Testemunho do passado e do presente
13. Este coro de objeções parece que sufoca a voz secular e solene
dos Pastores da Igreja, dos mestres de espírito, do testemunho
vivido duma legião sem número de santos e de fiéis ministros de
Deus, que fizeram do celibato objeto interior e sinal exterior da sua
alegre e total doação ao mistério de Cristo. Não, esta voz é
ainda forte e serena; não vem só do passado, vem do presente
também. Constantemente atento como estamos a observar a realidade,
não podemos fechar os olhos a este fato magnífico e surpreendente: na
santa Igreja de Deus, em todas as partes do mundo onde ela levantou
felizmente as suas tendas, ainda hoje há inumeráveis ministros
sagrados - subdiáconos, diáconos, presbíteros e bispos - que
vivem de modo ilibado o celibato voluntário e consagrado; e, ao lado
destes, não podemos deixar de notar as falanges imensas de
religiosos, religiosas, e também de jovens e leigos, todos fiéis ao
compromisso da perfeita castidade: vivem-na, não por desprezo do dom
divino da vida, mas por amor superior à vida nova que brota do
mistério pascal; vivem-na com austeridade corajosa, com
religiosidade alegre, dum modo exemplar e íntegro, e mesmo com
relativa facilidade.
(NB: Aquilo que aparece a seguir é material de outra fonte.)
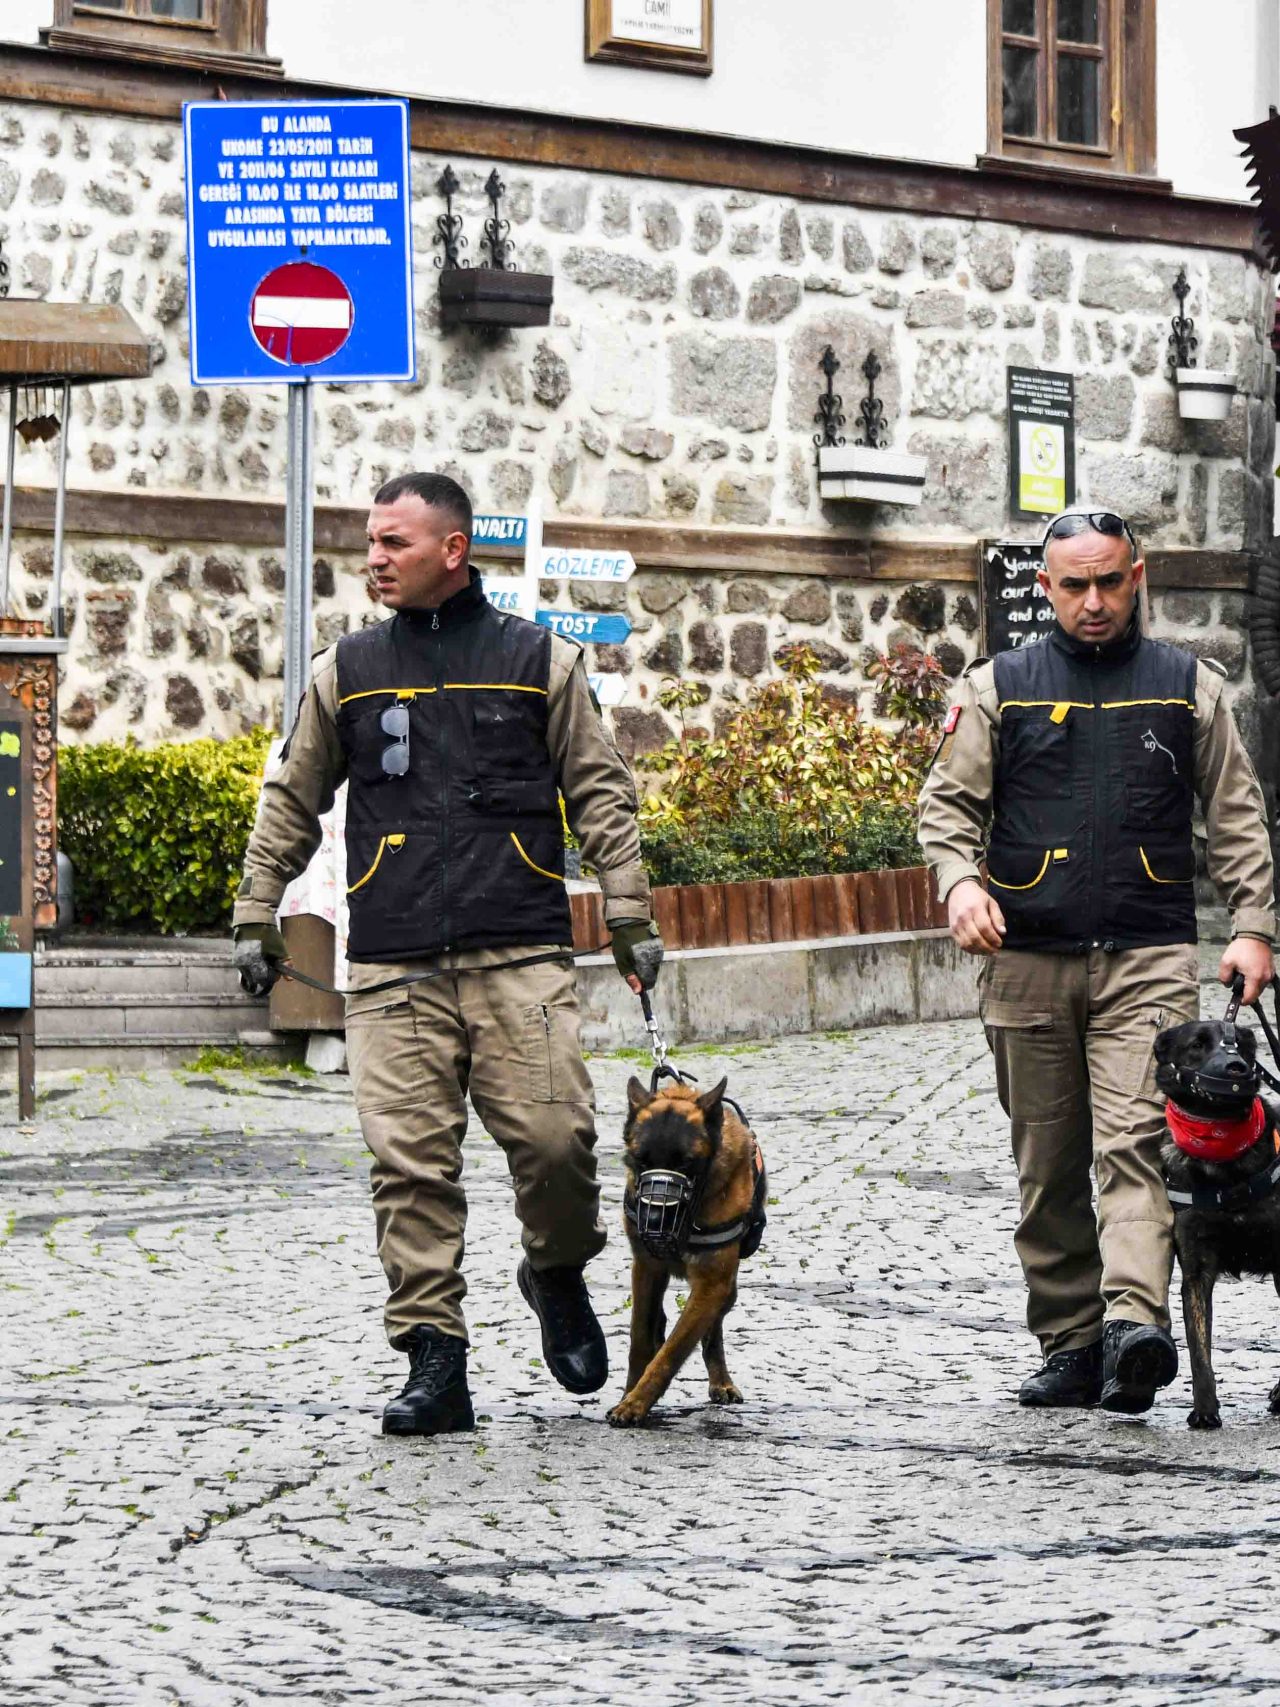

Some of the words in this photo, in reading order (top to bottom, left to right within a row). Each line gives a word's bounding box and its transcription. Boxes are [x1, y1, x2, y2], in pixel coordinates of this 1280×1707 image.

Este grandioso fenômeno prova a realidade
singular do reino de Deus, vivo no seio da sociedade moderna, à qual
presta o humilde e benéfico serviço de "luz do mundo" e de "sal da
terra" (cf. Mt 5,13-14). Não podemos calar a nossa
admiração: neste fenômeno, sopra indubitavelmente o Espírito de
Cristo.
Confirmada a validez do celibato
14. Julgamos portanto que a lei vigente do celibato consagrado
deve, ainda hoje, acompanhar firmemente o ministério eclesiástico;
deve tornar possível ao ministro a sua escolha, exclusiva, perene e
total, do amor único e supremo de Cristo e a sua dedicação ao culto
de Deus e ao serviço da Igreja, e deve ser característica do seu
estado de vida, tanto na comunidade dos fiéis como na profana.
Poder da Igreja
15. É certo que o carisma da vocação sacerdotal, ordenada ao
culto divino e ao serviço religioso e pastoral do Povo de Deus, se
distingue do carisma que leva à escolha do celibato como estado de vida
consagrada (cf. nn. 5 e 7); mas a vocação sacerdotal, ainda
que divina na sua inspiração, não se torna definitiva e operante sem
o exame e a aceitação de quem possui na Igreja o poder e a
responsabilidade do ministério ao serviço da comunidade eclesial; e
pertence por conseguinte à autoridade da Igreja estabelecer, segundo
os tempos e os lugares, quais devam ser em concreto os homens e quais
os requisitos exigidos para que possam considerar-se aptos para o
serviço religioso e pastoral da mesma Igreja.
Finalidade da Encíclica
16. Guiando-nos pelo espírito de fé, consideramos portanto
favorável a ocasião, que nos é oferecida pela Divina
Providência, de explicarmos de novo e de maneira mais adaptada aos
homens do nosso tempo as razões profundas do celibato consagrado,
pois, se as dificuldades contra a fé "podem estimular o espírito à
mais cuidadosa e profunda inteligência" da mesma, [3] não
acontece diferentemente com a disciplina eclesiástica, que dirige a
vida dos crentes.
Sentimo-nos vibrar de alegria ao contemplar, nestas circunstâncias e
desde este ponto de vista, a divina riqueza e beleza da Igreja de
Cristo que nem sempre é imediatamente decifrável a olhos humanos,
sendo obra do amor do Chefe divino da mesma Igreja e manifestando-se
em tal perfeição de santidade (cf. Ef 5,25-27) que
maravilha o espírito do homem e ultrapassa tudo quanto as forças da
criatura humana poderiam fazer para explicá-la.